Я это называю то языком, то стилем. Я не хочу говорить «индивидуальная манера» или еще что-то, это точно не то, что я называю стилем. Но стиль – это некий… Да в общем, я не буду бояться слова «новый». Это некий новый способ высказывания – вот это стиль. Как только кто-то пытается стиль скопировать, если это не является формой какой-то игры или художественным средством, появляется эпигон, и это уже неинтересно.

А сколько вы знаете таких стилей?

Очень много. Как ни странно, их много. Просто мне как раз неинтересно, когда нет стиля. Кто-то сказал, что когда появилось сюжетное кино, оно наконец подарило литературе возможность заниматься тем, чем должна заниматься литература, а именно языком. Это очень сложно, я вот начал читать книгу «Бесконечная шутка» Уоллеса. Если знаете, это полторы тысячи страниц. Меня не пугают, в общем-то, размеры, я начал читать. И на трехсотой странице стало скучно. До этого было, скажем так, живенько и симпатично, но потом все это стало литературным приемом. Понятно, что там есть некое количество кубиков, которые начинают переставляться в другом порядке. Этот вид литературы мне не очень близок, когда писатель – как кнопка, которую нажали, и вот он на любую тему может начать что-то бесконечно рассказывать. Это полная противоположность Беккету, который ничего не может описать. Наоборот, ему говорят: «Описывай!» А он говорит: «Я не могу это описать». И начинает объяснять, почему он не может описать. А чешский писатель Богумил Грабал, наоборот, пишет абсолютно сюжетные истории из послевоенной Чехословакии, но у него постоянно какие-то настолько жуткие образы возникают… То есть у него идут диалоги, диалоги, диалоги, а потом вдруг короткая история, не имеющая к этому отношения, что какой-то девочке родители подарили валенки, и она так обрадовалась этим валенкам, что, надев эти валенки, сразу куда-то поехала, но поезд попал в аварию, там столкнулись две скамьи, и ей отрезало ноги в этих валенках, и потом она лежала без ног и говорила постоянно про эти валенки… На самом деле это было про ее отрезанные ноги. Вот эти совершенно безумные сюжеты, которые, скорее всего, он выдумал, а может быть, и нет… Или некий дед-гипнотизер, который решил загипнотизировать немецкие танки. Он встал перед ними и говорит: «А я их силой мысли сейчас остановлю». И на самом деле это с юмором написано, но от этого не менее жутко. Эти танки остановились на какой-то момент, нацисты стали выглядывать, смотреть, что за мужик там встал. Он, значит, их рукой останавливал, а они его переехали просто, и все – этого человека больше не было.
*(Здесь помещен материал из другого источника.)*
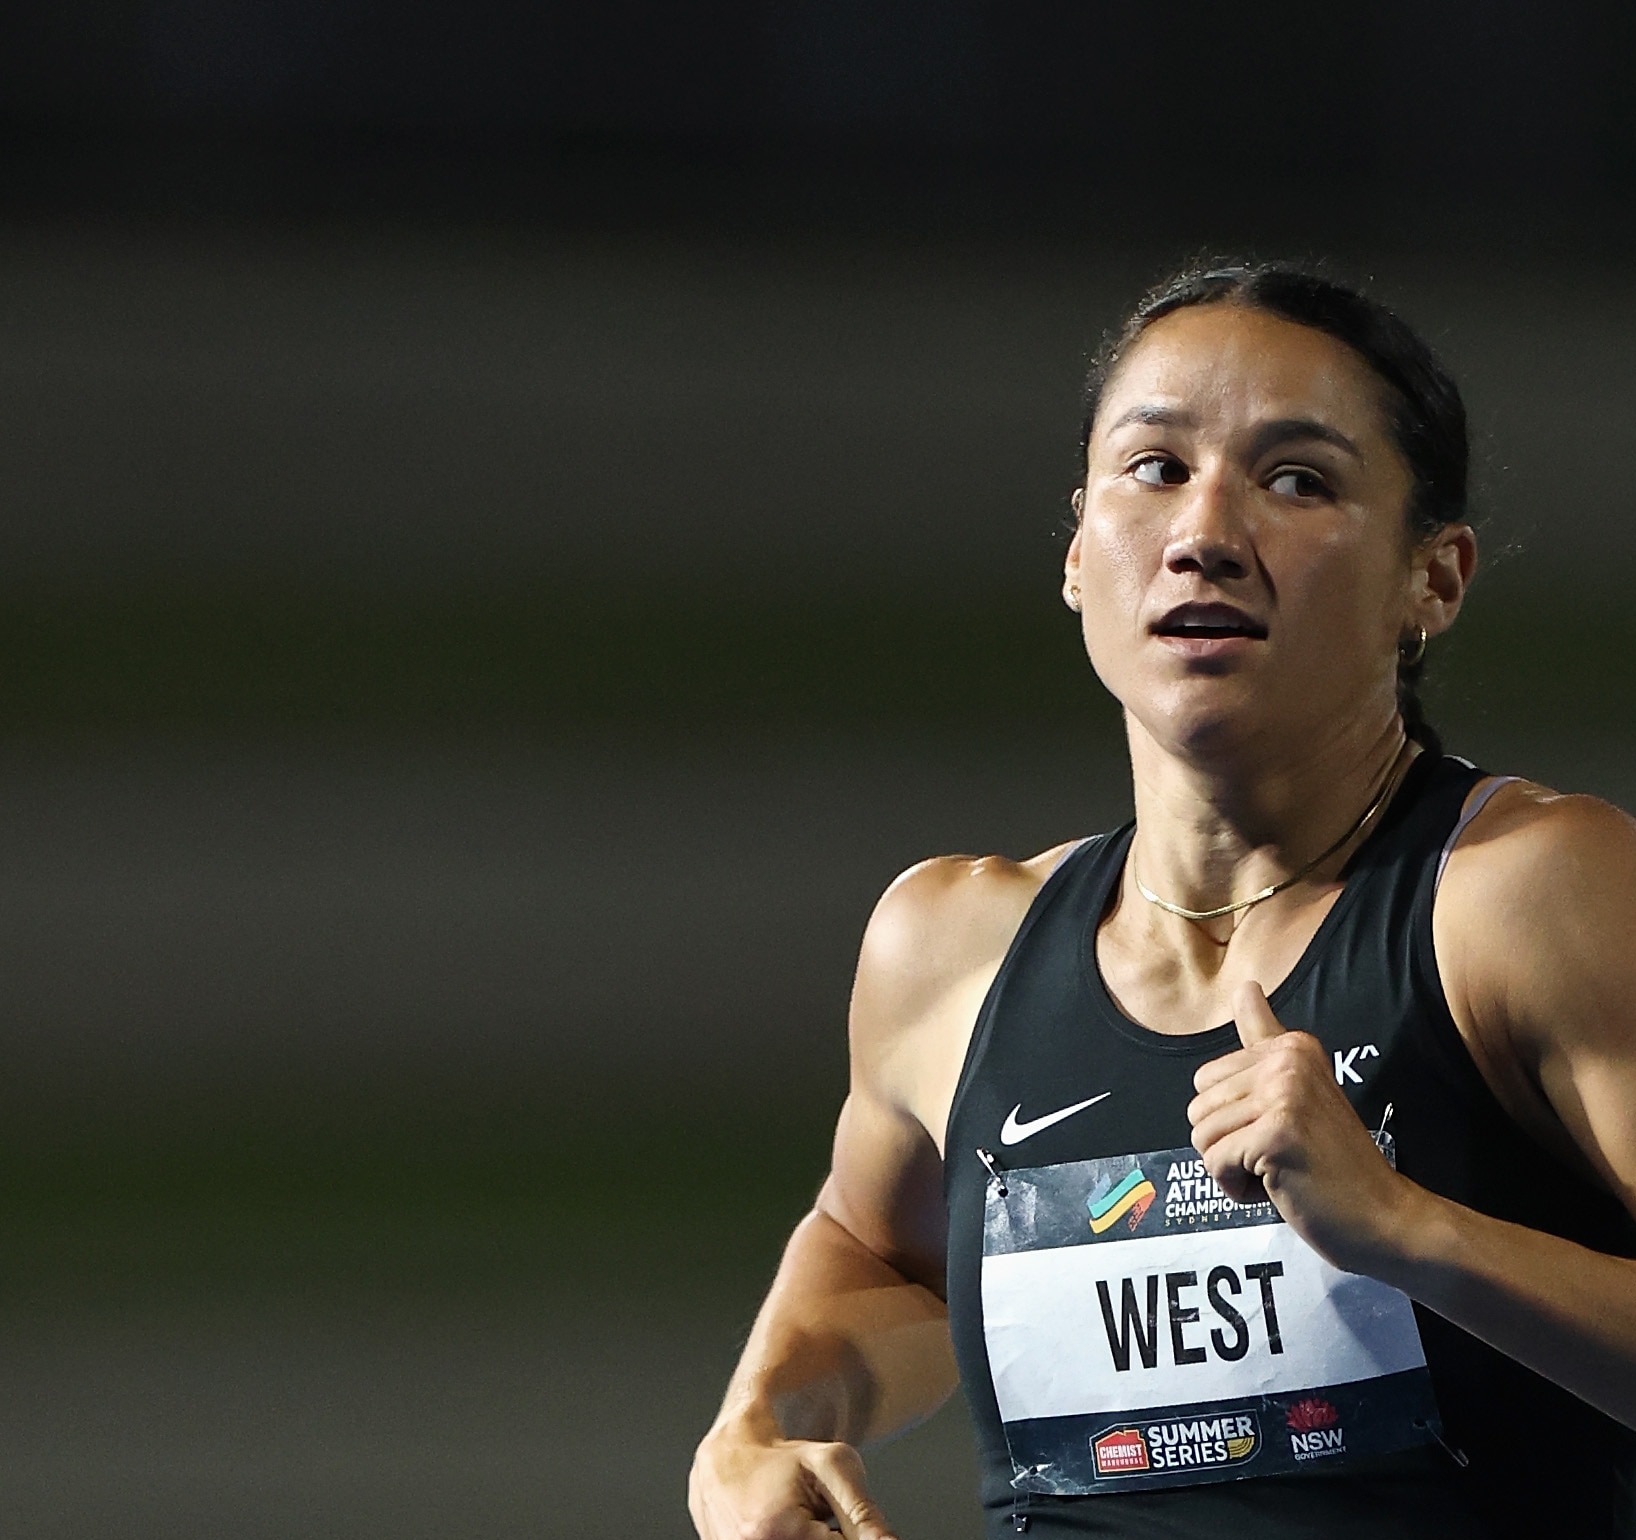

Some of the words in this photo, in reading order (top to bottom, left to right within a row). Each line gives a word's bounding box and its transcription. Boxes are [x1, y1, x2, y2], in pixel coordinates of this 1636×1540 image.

Этих историй очень много, и они на меня гораздо большее впечатление производят, чем вот эти все уоллесовские языковые эксперименты так называемые, которые оказались…

Но тогда уместен вопрос: а какое задание у такой прозы, о которой вы говорите? Что она стремится сделать, зачем она существует?
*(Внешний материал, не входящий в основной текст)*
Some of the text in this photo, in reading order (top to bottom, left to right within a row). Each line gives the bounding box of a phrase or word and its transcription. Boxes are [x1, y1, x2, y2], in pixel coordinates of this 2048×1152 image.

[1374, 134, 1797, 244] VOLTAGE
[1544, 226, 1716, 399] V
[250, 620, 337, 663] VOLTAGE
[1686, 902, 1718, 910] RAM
На самом деле у меня есть ответ. Если про романы говорить, то романы, большие романы, любые, «Моби Дик», «Безымянный» Беккета, «Человек без свойств» Музиля, – это всегда… Для меня вообще критерий романа – это не литературный критерий, что это некий большой пласт жизни героя или какая-то тема большая поднята, а роман как способ взаимодействия с миром. В романе есть некий онтологический фундамент. Роман – это и есть в каком-то смысле предъявление мира человеку. Через язык, через вот это смещение обычного языка в то, что называется стилем, – как ни странно, для меня это лучший способ взаимодействия с миром, понимания мира.